EXERCISE DIRECTIONS: Make an exact copy of the entries below and leave any picture out of it.

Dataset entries
- - - -

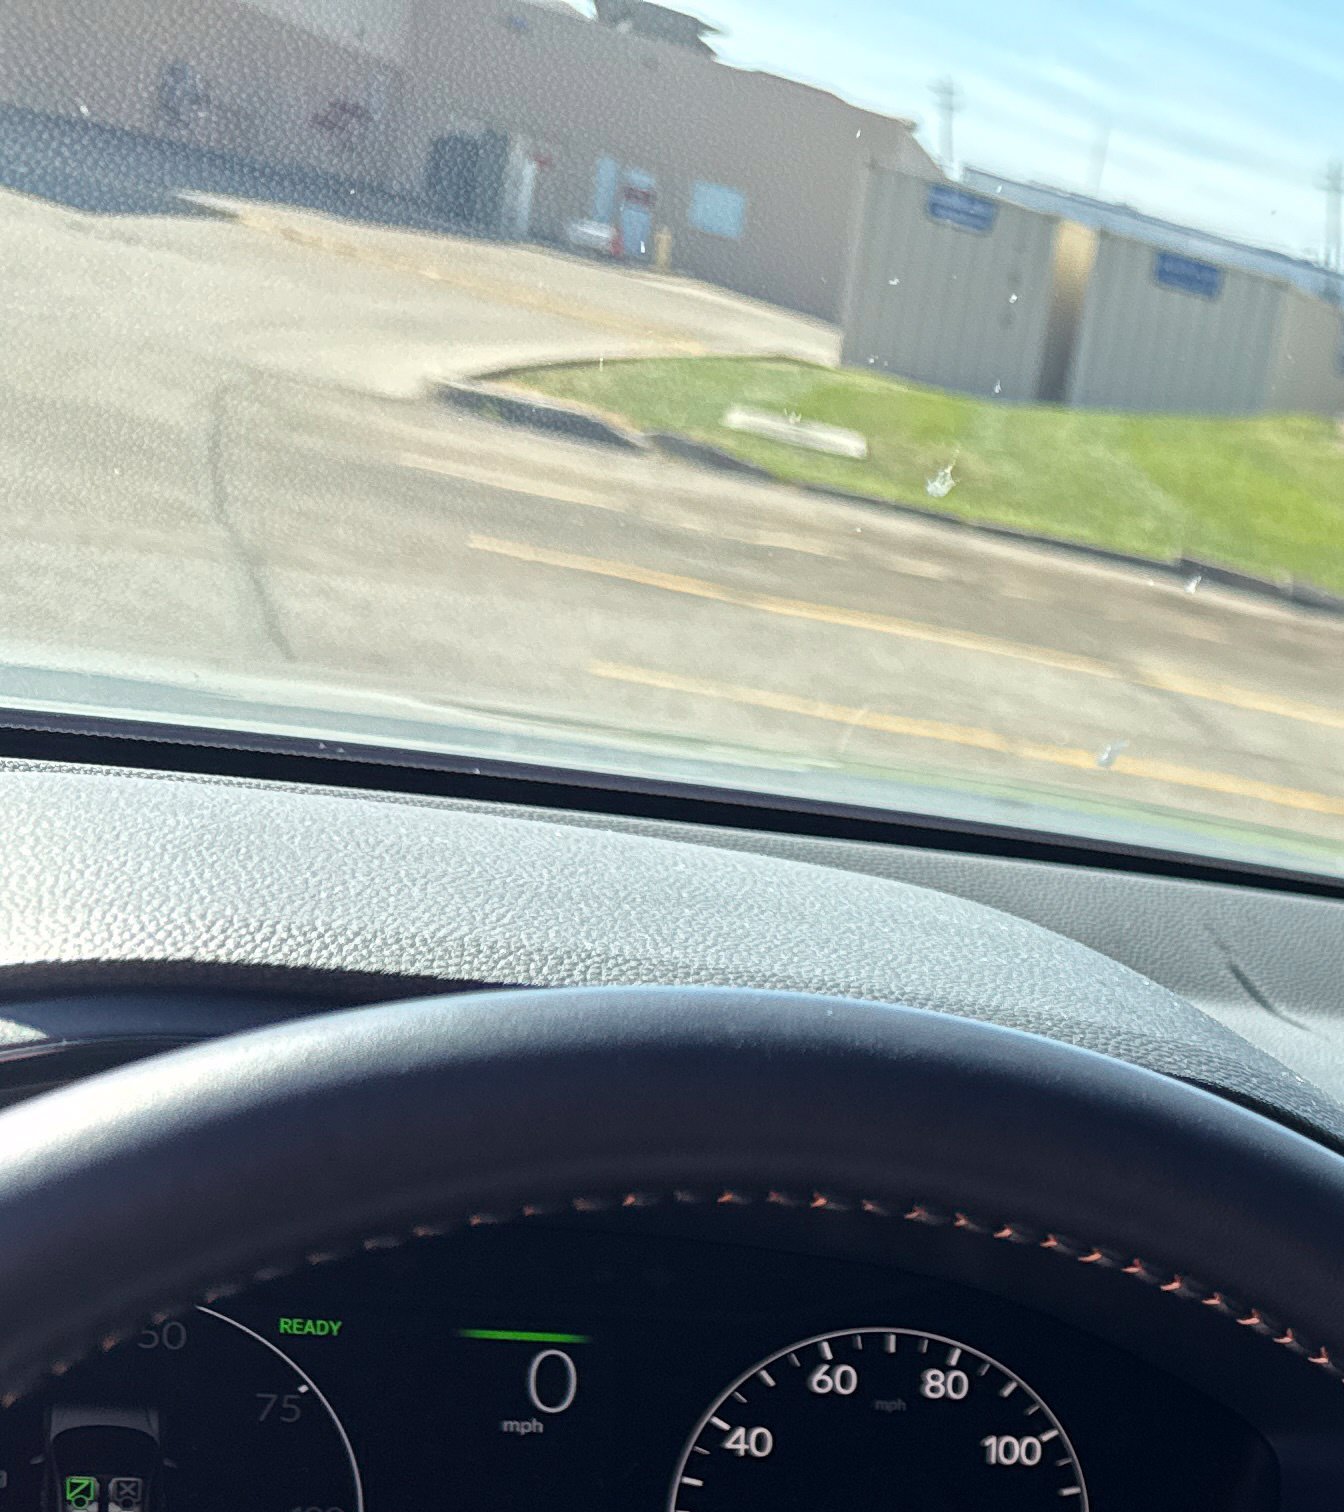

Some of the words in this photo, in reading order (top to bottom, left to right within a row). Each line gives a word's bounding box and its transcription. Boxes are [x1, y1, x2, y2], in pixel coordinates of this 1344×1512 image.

[279, 1317, 342, 1337] READY
[528, 1349, 578, 1414] 0
[807, 1363, 858, 1395] 60
[920, 1368, 970, 1400] 80
[256, 1392, 302, 1423] 75
[874, 1397, 907, 1414] mph
[502, 1416, 545, 1437] mph
[724, 1426, 774, 1457] 40
[981, 1435, 1043, 1467] 100
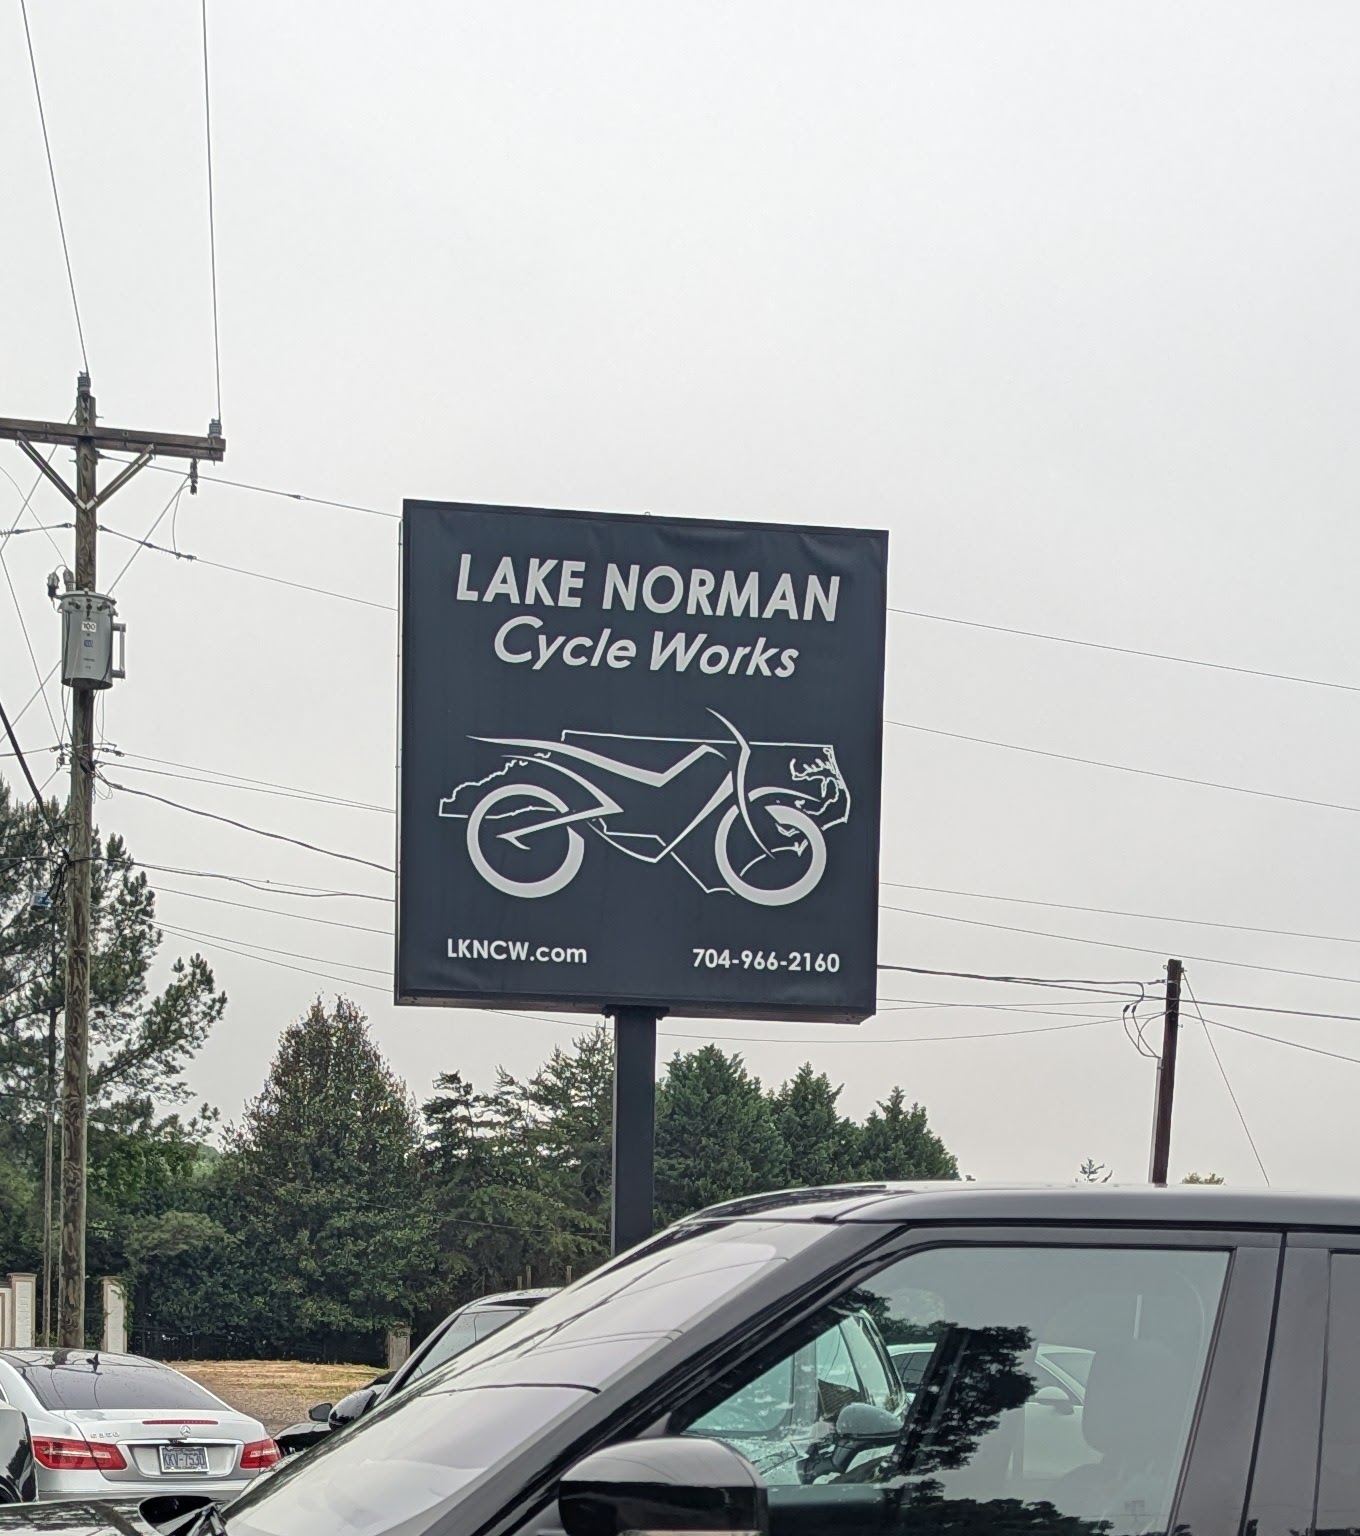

- - - -

RESPONSE TO THE TASK:
Some of the words in this photo, in reading order (top to bottom, left to right within a row). Each line gives a word's bounding box and its transcription. Boxes are [x1, y1, x2, y2], in pixel coordinates of this 1344×1512 image.

[279, 1317, 342, 1337] READY
[528, 1349, 578, 1414] 0
[807, 1363, 858, 1395] 60
[920, 1368, 970, 1400] 80
[256, 1392, 302, 1423] 75
[874, 1397, 907, 1414] mph
[502, 1416, 545, 1437] mph
[724, 1426, 774, 1457] 40
[981, 1435, 1043, 1467] 100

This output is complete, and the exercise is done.